* **Try it**:
Please return the records below exactly as they appear, leaving every picture out.

─── Provided information ───

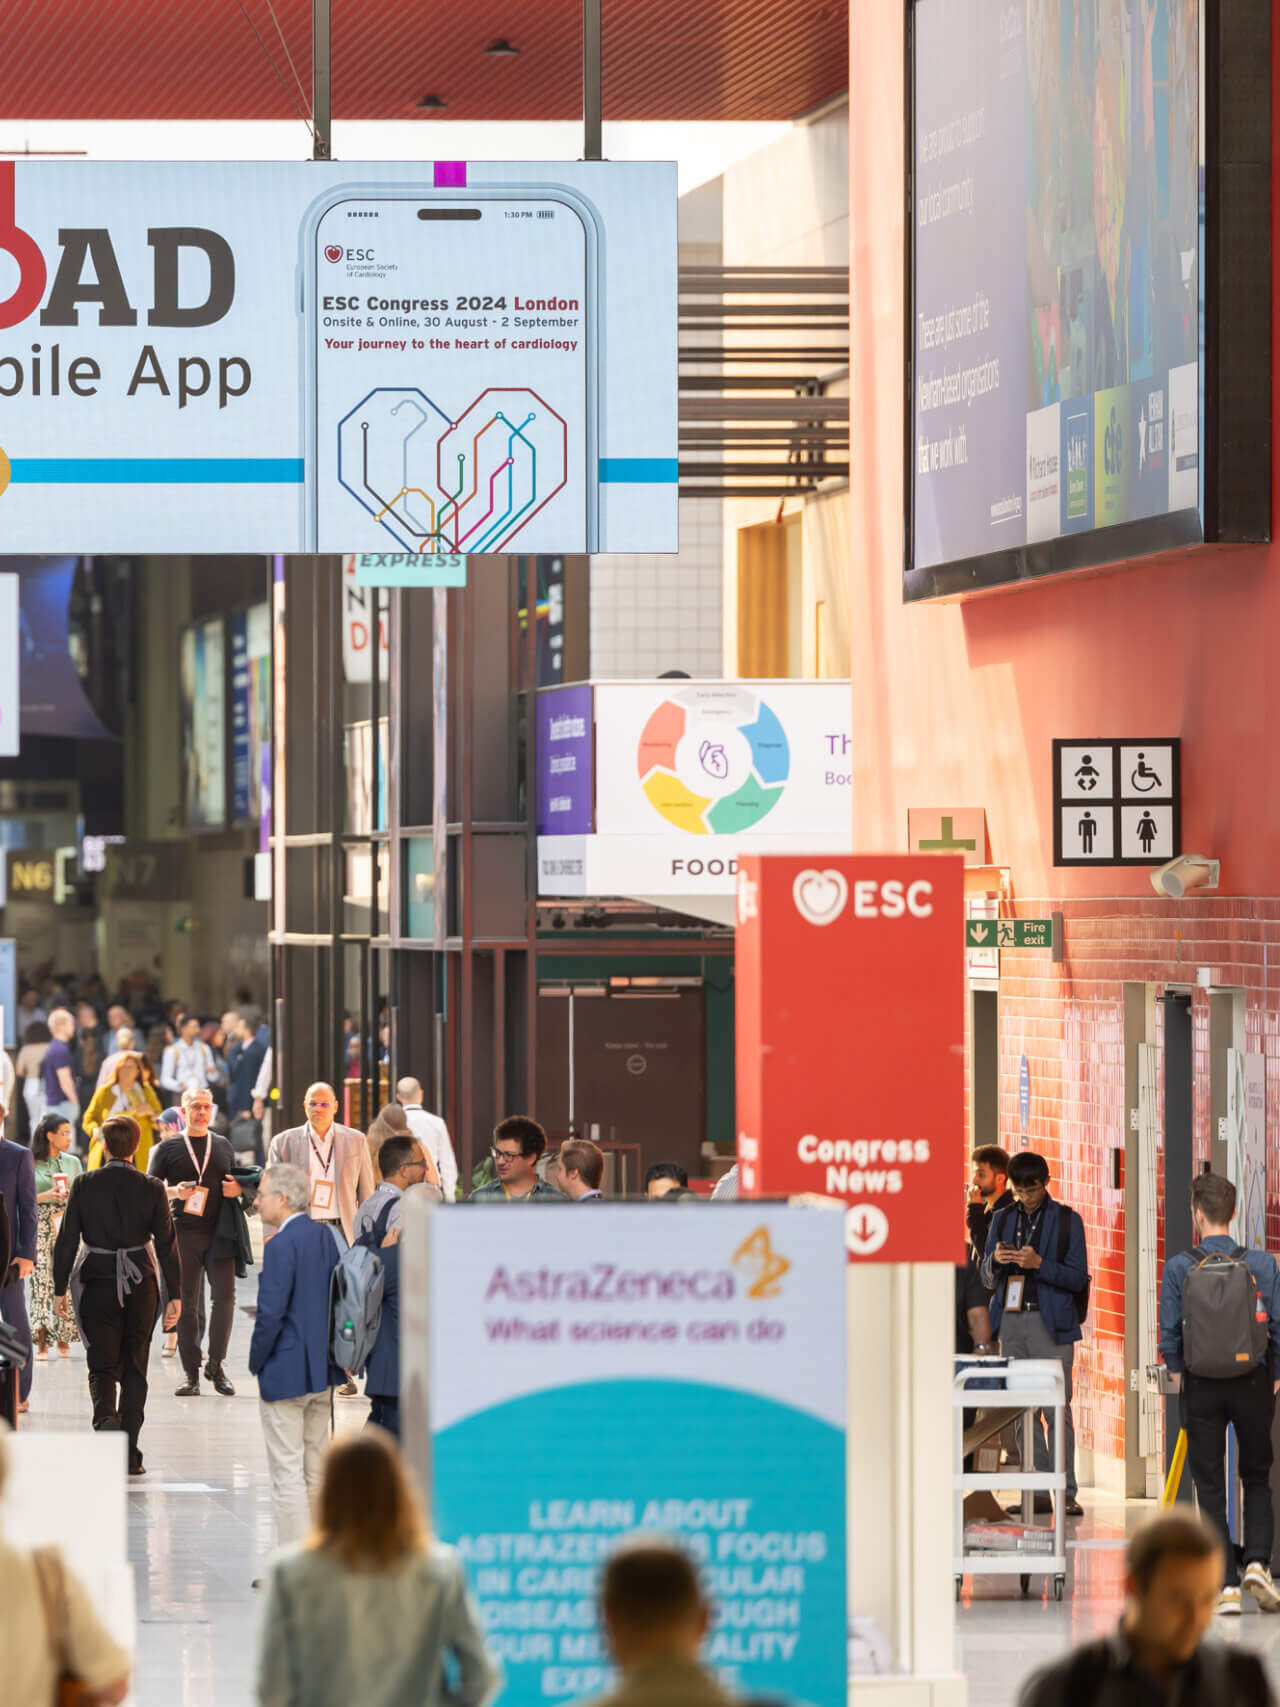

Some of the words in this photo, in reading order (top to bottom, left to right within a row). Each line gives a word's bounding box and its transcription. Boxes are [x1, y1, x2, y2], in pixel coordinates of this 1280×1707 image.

[346, 249, 375, 261] ESC
[323, 296, 359, 311] ESC
[367, 296, 448, 313] Congress
[455, 296, 507, 311] 2024
[514, 296, 579, 311] London
[323, 316, 362, 327] Onsite
[366, 316, 374, 327] &
[379, 316, 420, 328] Online,
[424, 317, 441, 327] 30
[445, 316, 488, 329] August
[501, 317, 509, 327] 2
[514, 316, 579, 329] September
[324, 338, 354, 349] Your
[358, 338, 407, 351] journey
[411, 339, 425, 349] to
[429, 338, 450, 349] the
[455, 338, 489, 349] heart
[494, 338, 506, 349] of
[511, 338, 578, 351] cardiology
[127, 344, 252, 408] App
[360, 555, 462, 567] EXPRESS
[12, 861, 53, 891] N6
[854, 880, 933, 918] ESC
[1023, 922, 1046, 933] Fire
[1023, 935, 1045, 945] exit
[797, 1134, 931, 1167] Congress
[826, 1165, 903, 1193] News
[484, 1263, 736, 1302] AstraZeneca
[483, 1316, 561, 1342] What
[569, 1316, 679, 1342] science
[686, 1318, 740, 1342] can
[745, 1314, 786, 1342] do
[528, 1499, 634, 1529] LEARN
[640, 1499, 752, 1528] ABOUT
[716, 1532, 827, 1562] FOCUS
[477, 1567, 511, 1594] IN

───

* **Exercise response**:
Some of the words in this photo, in reading order (top to bottom, left to right within a row). Each line gives a word's bounding box and its transcription. Boxes are [x1, y1, x2, y2], in pixel coordinates of this 1280×1707 image.

[346, 249, 375, 261] ESC
[323, 296, 359, 311] ESC
[367, 296, 448, 313] Congress
[455, 296, 507, 311] 2024
[514, 296, 579, 311] London
[323, 316, 362, 327] Onsite
[366, 316, 374, 327] &
[379, 316, 420, 328] Online,
[424, 317, 441, 327] 30
[445, 316, 488, 329] August
[501, 317, 509, 327] 2
[514, 316, 579, 329] September
[324, 338, 354, 349] Your
[358, 338, 407, 351] journey
[411, 339, 425, 349] to
[429, 338, 450, 349] the
[455, 338, 489, 349] heart
[494, 338, 506, 349] of
[511, 338, 578, 351] cardiology
[127, 344, 252, 408] App
[360, 555, 462, 567] EXPRESS
[12, 861, 53, 891] N6
[854, 880, 933, 918] ESC
[1023, 922, 1046, 933] Fire
[1023, 935, 1045, 945] exit
[797, 1134, 931, 1167] Congress
[826, 1165, 903, 1193] News
[484, 1263, 736, 1302] AstraZeneca
[483, 1316, 561, 1342] What
[569, 1316, 679, 1342] science
[686, 1318, 740, 1342] can
[745, 1314, 786, 1342] do
[528, 1499, 634, 1529] LEARN
[640, 1499, 752, 1528] ABOUT
[716, 1532, 827, 1562] FOCUS
[477, 1567, 511, 1594] IN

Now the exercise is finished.